It's confusing because "message" is not using its lay meaning, and decades of "medium" and "media" meaning drift meant that it isn't either.

For "the medium is the message", "medium" refers to any tool that acts as an extension of yourself. TV is an extension of your community, even things like light bulbs (extends your vision) are included in his meaning.

McLuhan argued that all forms of media like that carry a message that's more than just their content. "The message" in that argument refers to the message the medium itself brings rather than its content. For example, the airplane is "used for" speeding up travel over long distance, but the the message of its medium itself is to "dissolve the railway form of city, politics, and association, quite independently of what the airplane is used for."

You can see it happening via online media that extend ourselves across the internet. Think of how, once easy video creation via Youtube became uniform, web comics stopped becoming a popular medium for comedy online. It's not like the web comics faded because they got worse; it's that they faded into a niche format because people didn't want to communicate via static images anymore. Or how, once short form videos on TikTok got big, you saw other platforms shift to copy the paradigm. McLuhan's point is that it's not just the content of those short form videos that matters; it's the message of the format itself. Peoples' attention spans grow shorter because of the format, and before too long, we saw the tastes and expectations of the masses change. Reddit's monosite-with-subcommunities format and dopamine triggering voting feedback mechanism were its message more than any actual content posted there, and it's why traditional forums are niche and dwindling.

If you want to get a pretty good understanding of it, just read the first chapter from his book Understanding Media.
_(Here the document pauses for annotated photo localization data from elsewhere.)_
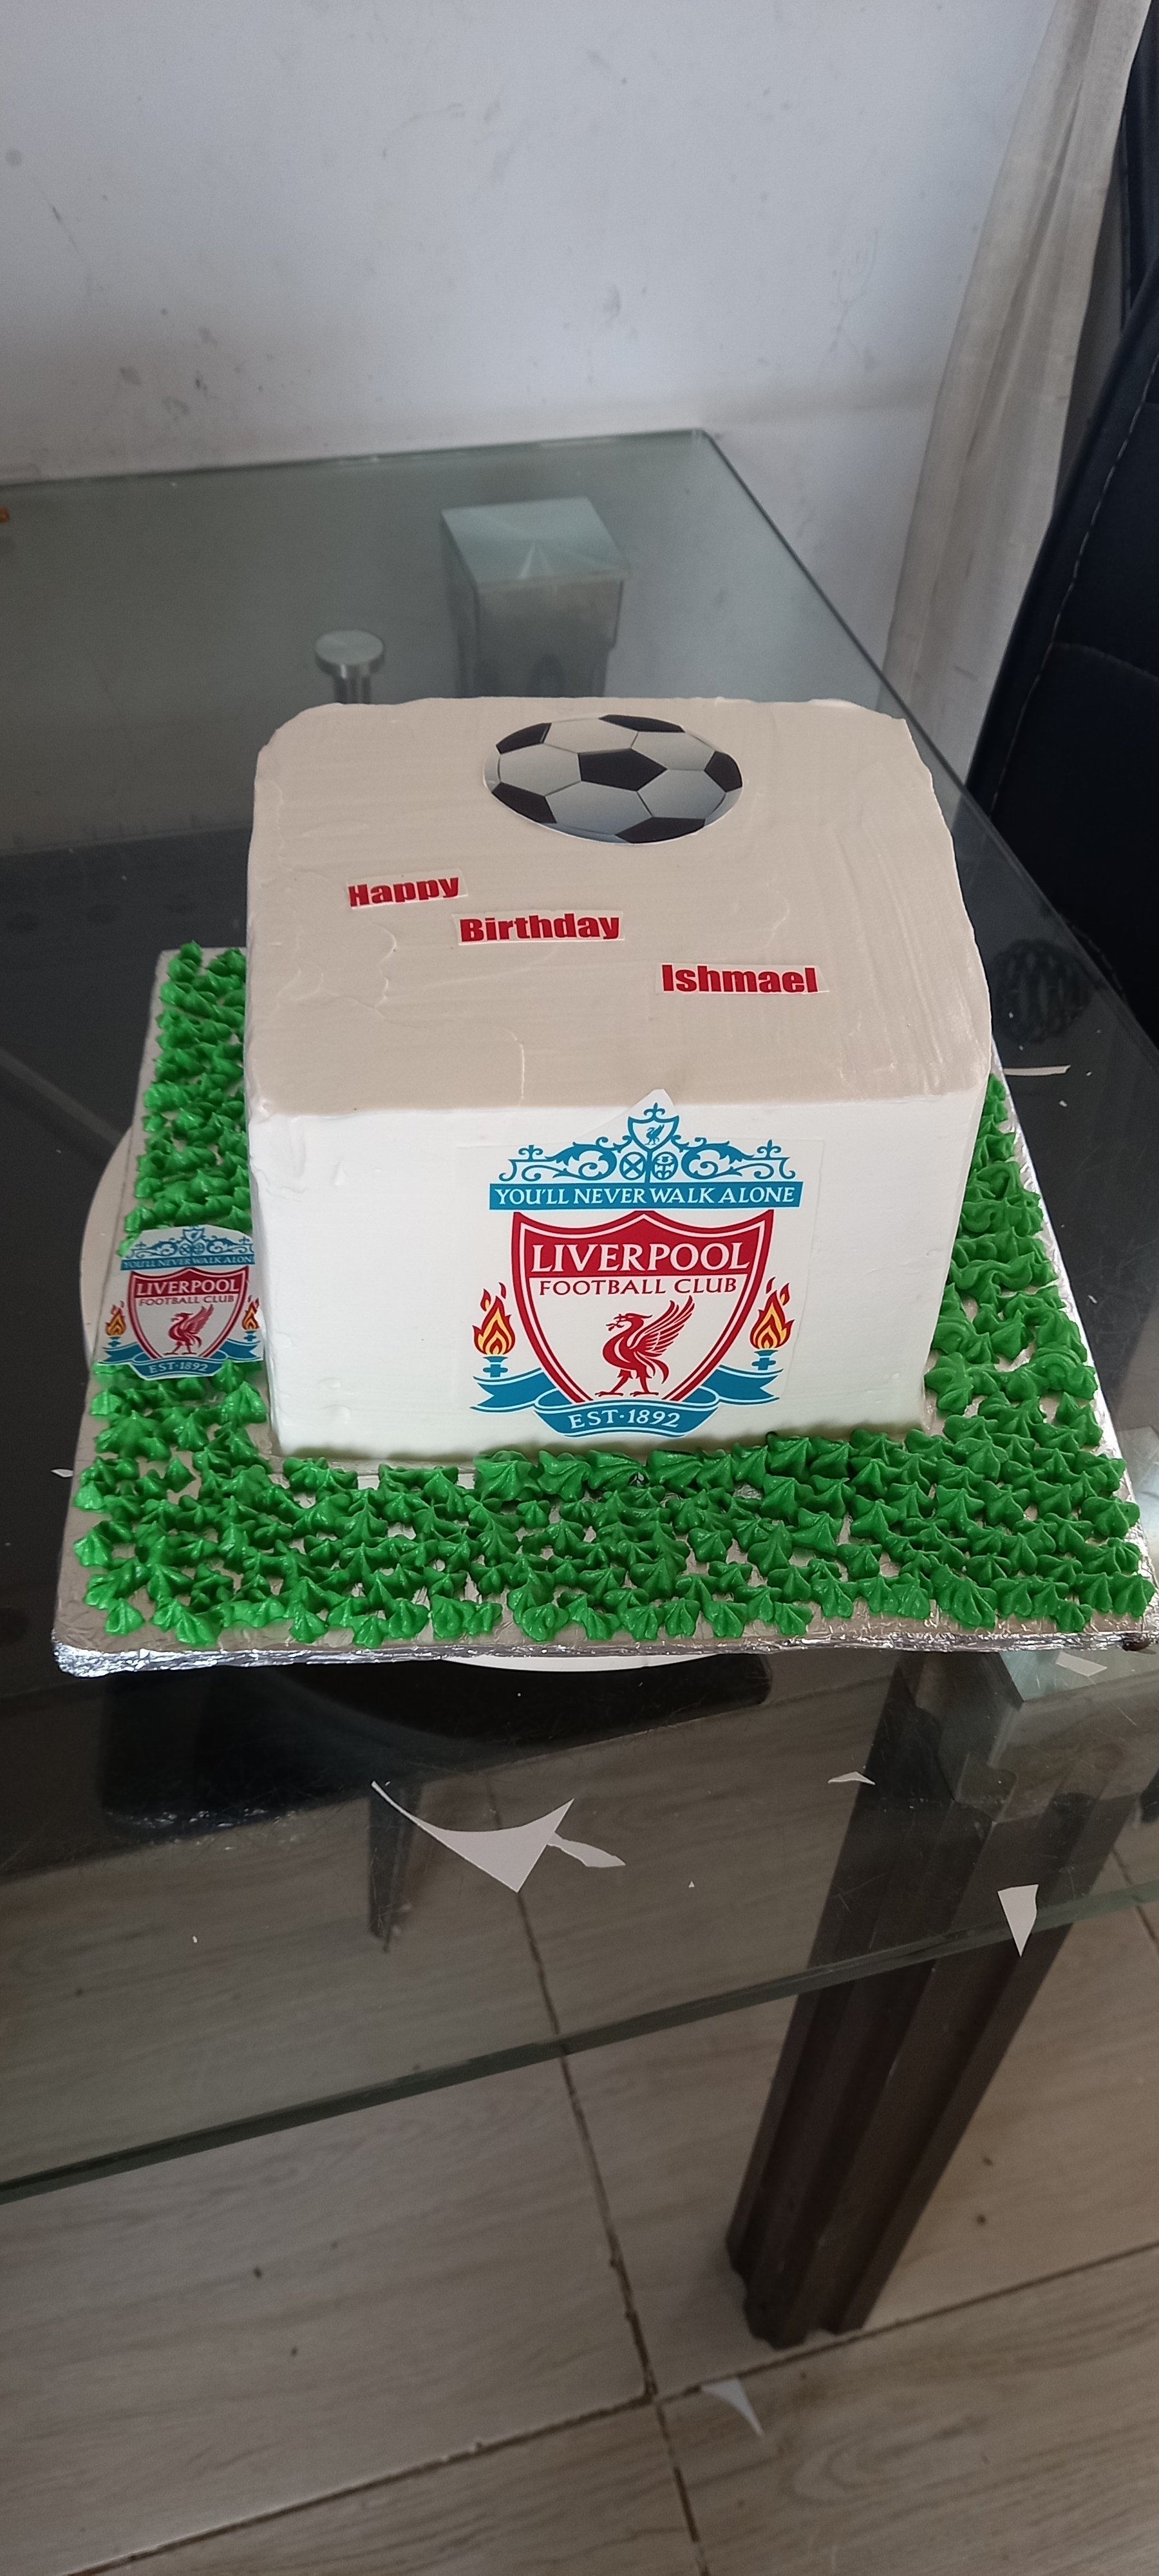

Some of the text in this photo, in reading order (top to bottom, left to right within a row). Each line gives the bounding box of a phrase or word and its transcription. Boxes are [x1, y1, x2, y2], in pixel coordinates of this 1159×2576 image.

[348, 876, 459, 907] Happy
[459, 913, 619, 942] Birthday
[661, 964, 817, 993] Ishmael
[495, 1186, 795, 1204] YOU'LL NEVER WALK ALONE
[192, 1256, 221, 1265] WALK
[531, 1242, 749, 1273] LIVERPOOL
[137, 1278, 240, 1296] LIVERPOOL
[539, 1278, 737, 1296] FOOTBALL CLUB
[138, 1295, 234, 1306] FOOTBALL CLUB
It's short and relatively straight forward.

thomastjeffery · 2026-04-27T00:45:42 1777250742

Meaning is abstract. We can't express meaning: we can only signify it. An expression (sign) may contain the latent structure of meaning (the writer's intention), but that structure can only be felt through a relevant interpretation.
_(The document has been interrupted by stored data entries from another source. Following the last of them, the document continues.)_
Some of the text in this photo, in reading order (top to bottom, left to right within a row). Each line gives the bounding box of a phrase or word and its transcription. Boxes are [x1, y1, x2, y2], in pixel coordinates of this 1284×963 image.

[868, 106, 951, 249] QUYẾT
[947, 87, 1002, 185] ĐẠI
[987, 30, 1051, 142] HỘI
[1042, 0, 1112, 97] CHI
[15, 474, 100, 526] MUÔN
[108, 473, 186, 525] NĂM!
To maintain relevance, we must find common ground. There is no true objectivity, because every sign must be built up from an arbitrary ground. At the very least, there will be a conflict of aesthetics.

The problem with LLMs is that they avoid the ground entirely, making them entirely ignorant to meaning. The only intention an LLM has is to preserve the familiarity of expression.
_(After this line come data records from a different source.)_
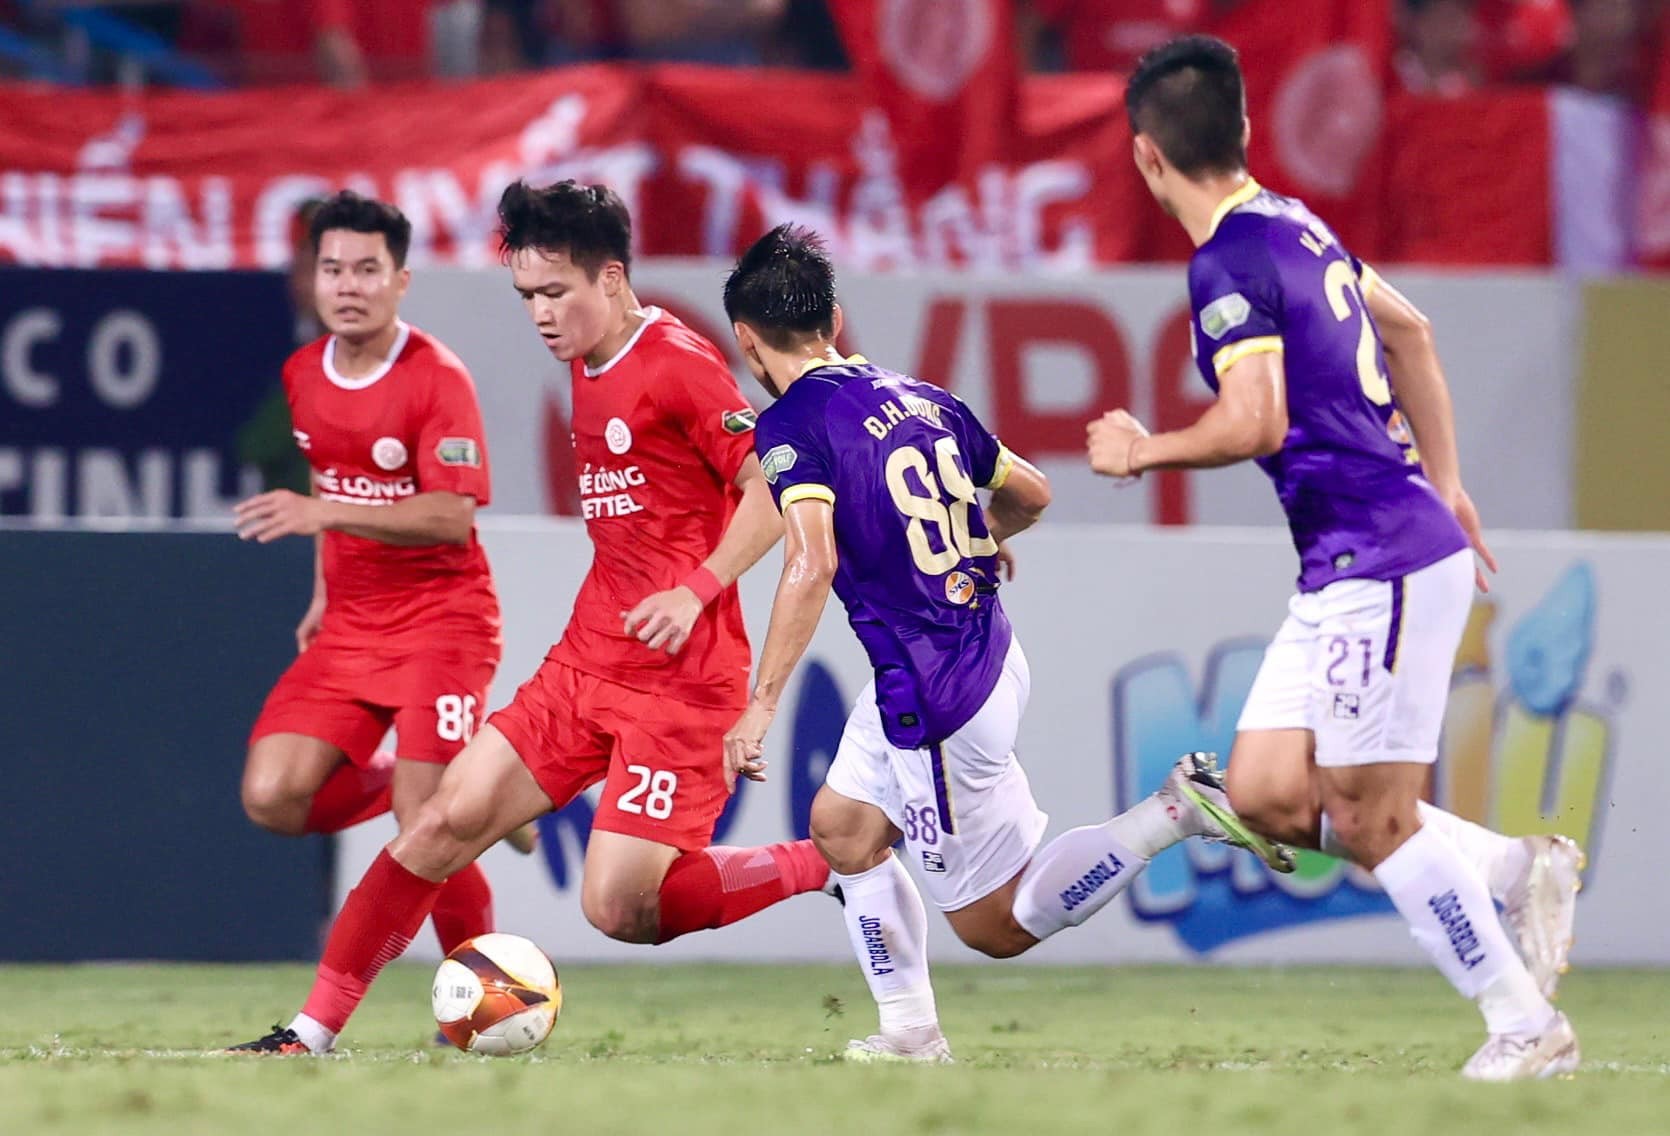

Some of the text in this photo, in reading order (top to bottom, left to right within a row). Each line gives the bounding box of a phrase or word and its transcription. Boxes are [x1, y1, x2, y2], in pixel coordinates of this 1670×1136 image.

[885, 436, 999, 576] 88
[1327, 635, 1371, 687] 21
[617, 765, 677, 820] 28
[904, 803, 938, 845] 88
[859, 915, 895, 976] JOGARBOLA
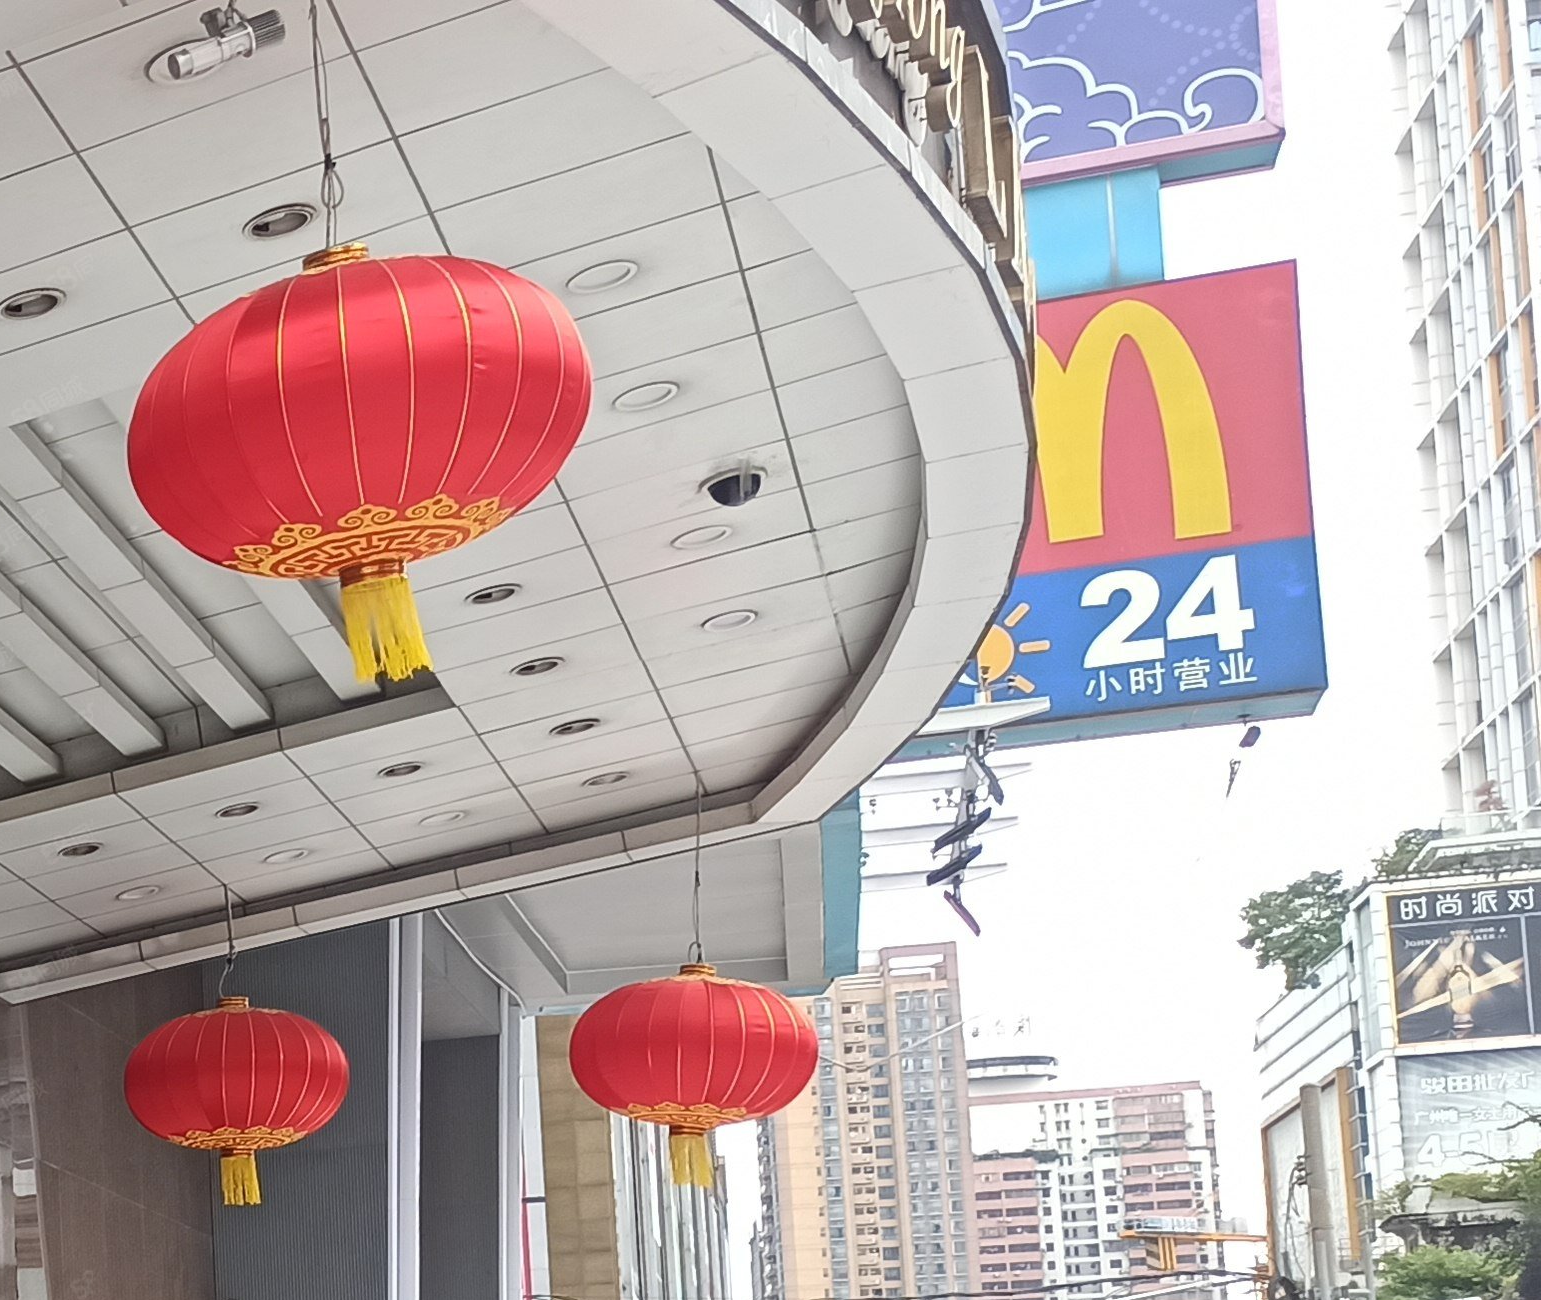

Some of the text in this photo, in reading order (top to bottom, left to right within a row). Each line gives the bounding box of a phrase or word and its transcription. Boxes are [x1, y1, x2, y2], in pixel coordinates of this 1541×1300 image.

[1081, 555, 1255, 670] 24
[1086, 653, 1258, 703] 小时营业
[1400, 886, 1535, 921] 时尚派对
So yes, this kind of AI will not accomplish any epistemology; unless of course, it is truly able to facilitate a functional system of logic, and to ground that system near the user. I'm not going to hold my breath.

I think the great mistake of "good ole fashioned AI" was to build it from a perspective of objectivity. This constrains every grammar to the "context-free" category, and situates every expression to a singular fixed ground. Nothing can be ambiguous: therefore nothing can express (or interpret) uncertainty or metaphor.

What we really need is to recreate software from a subjective perspective. That's what I've been working on for the last few years... So far, it's harder than I expected; but it feels so close.

staticshock · 2026-04-27T01:34:04 1777253644

> What we really need is to recreate software from a subjective perspective.

What does "subjective" mean here? Are you talking about just-in-time software? That is, software that users get mold on the fly?

Jarwain · 2026-04-27T01:46:46 1777254406

LLM's are a mediocre map, but they're a great compass, telescope, navigation tools and what have ye

rdevilla · 2026-04-27T01:27:15 1777253235

> Meaning is abstract. We can't express meaning: we can only signify it. An expression (sign) may contain the latent structure of meaning (the writer's intention), but that structure can only be felt through a relevant interpretation.

I'm reminded immediately of the Enochian language which purportedly had the remarkable property of having a direct, unambiguous, 1-to-1 correspondence with the things being signified. To utter, and hear, any expression in Enochian is to directly transfer the author's intent into the listener's mind, wholly intact and unmodified:

    Every Letter signifieth the member of the substance whereof it speaketh.
    Every word signifieth the quiddity of the substance.

    - John Dee, "A true & faithful relation of what passed for many yeers between Dr. John Dee ... and some spirits," 1659 [0].

The Tower of Babel is an allegory for the weak correspondence between human natural language and the things it attempts to signify (as opposed to the supposedly strong 1-to-1 correspondence of Enochian). The tongues are confused, people use the same words to signify different referents entirely, or cannot agree on which term should be used to signify a single concept, and the society collapses. This is similar to what Orwell wrote about, and we have already implemented Orwell's vision, sociopolitically, in the early 21st century, through the culture war (nobody can define "man" or "woman" any more, sometimes the word "man" is used to refer to a "woman," etc).

LLMs just accelerate this process of severing any connection whatsoever between signified and signifier. In some ways they are maximally Babelian, in that they maximize confusion by increasing the quantity of signifiers produced while minimizing the amount of time spent ensuring that the things we want signified are being accurately represented.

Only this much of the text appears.